I imagine that the dead links look like this: https://jenkins.mono-project.com/job/test-mono-mainline-wasm/label=ubuntu-1804-amd64/
If so the cause of this is that the mono project has been migrating away from jenkins to azure CI for some time and they have switched their old jenkins setup to private as part of this move. https://github.com/mono/mono/issues/20841
Unfortunately it seems to be taking a long time for their CI migration project to complete and meanwhile all of the dead jenkins links remain everywhere which is causing much confusion with many people.
The new azure CI setup is here but it seems that they're not yet publishing any built release artefacts: https://dev.azure.com/dnceng/public/_build/results?buildId=1240228&view=results
I imagine that the only way to get built mono wasm binaries at the moment would be to build it yourself.
Has there been any advancements on the mono-wasm front that would allow for smaller binaries?
https://github.com/mono/mono/issues/9857 remains open. I believe that it's currently ~1.8MB for mono wasm vs ~2MB for blazor
This is very decent: https://krausest.github.io/js-framework-benchmark/current.html
@firasdib @bebo-dot-dev the reason is likely not the CI switch but the migration from mono/mono to dotnet/runtime. https://github.com/dotnet/runtime/tree/main/src/mono/wasm seems be the more current URL. For mono-wasm.
I haven't tried to build my PoC with a newer build, though.
I could try building from source and see if I can recompile your PoC that way.
I managed to build it, but I need some hand holding to get any further. Sorry.
Has there been any progress on this?
None, unfortunately. I ran into a road block, so I would need someone to help me setup a new PoC.

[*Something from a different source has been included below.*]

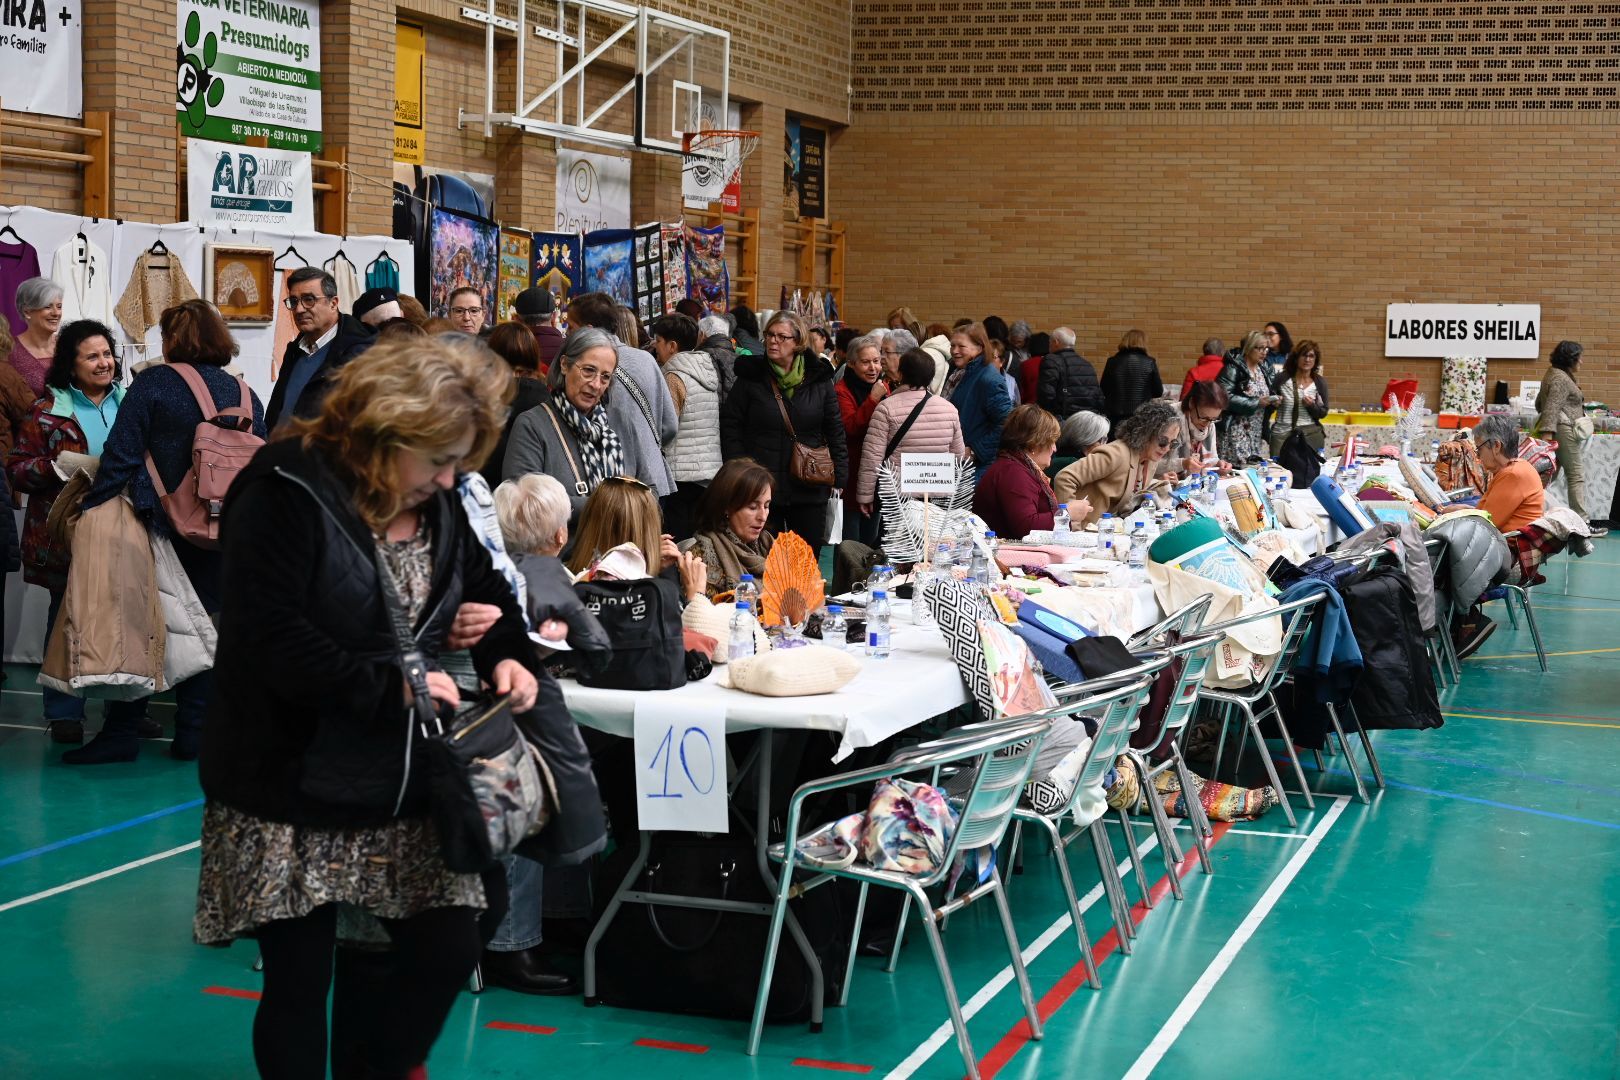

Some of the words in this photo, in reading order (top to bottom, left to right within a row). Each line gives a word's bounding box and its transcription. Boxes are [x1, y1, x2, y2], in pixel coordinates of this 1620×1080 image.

@firasdib is there a way for you to share the API? That way we have an idea on what input/output you are expecting?
Just bouncing ideas. To keep the download size small, we can look into https://github.com/SteveSandersonMS/Blazor which is the beginning of Blazor. See the Questions section, Steve mentions a 300KB download vs. 3mb download for Blazor in .NET6.
That repo is missing System.Text.RegularExpressions but has things like System.IO, System.Net.Http etc. that are not needed.
What does PoC stand for?
@TimberStalker
What does PoC stand for?
Proof of concept
@Code-DJ It has to allow me to run matches and substitutions, global and non-global. I.e., match(regex, flags, string)
and substitute(regex, flags, string, replacement)
. It can of course be different depending on the language, I'm flexible.
+1 The balancing group is a great feature in.NET Regex engine, I use it to match HTML elements, it would be very nice to add C# flavor.
I stumbled upon https://github.com/dotnet/runtime/tree/main/src/mono/wasm -- is this something that can be used? Anyone who has time to experiment with it?
@firasdib I've made a simple blazor app that from javascript call a C# function
This is the app repo: https://github.com/AlbertoMonteiro/BlazorAppRegex I am using dotnet 6.0.101 I've hosted the static site using github pages, you can check it here: https://albertomonteiro.github.io/BlazorAppRegex/
As you can see it just simple evaluate a regex for a given text, return true if match false if not.
Calling the c# function from js is really simple https://github.com/AlbertoMonteiro/BlazorAppRegex/blob/454de898ab31533734ceb04a37e5caedc68d852d/index.html#L30-L34
The appName is the assembly name, in that case BlazorApp1.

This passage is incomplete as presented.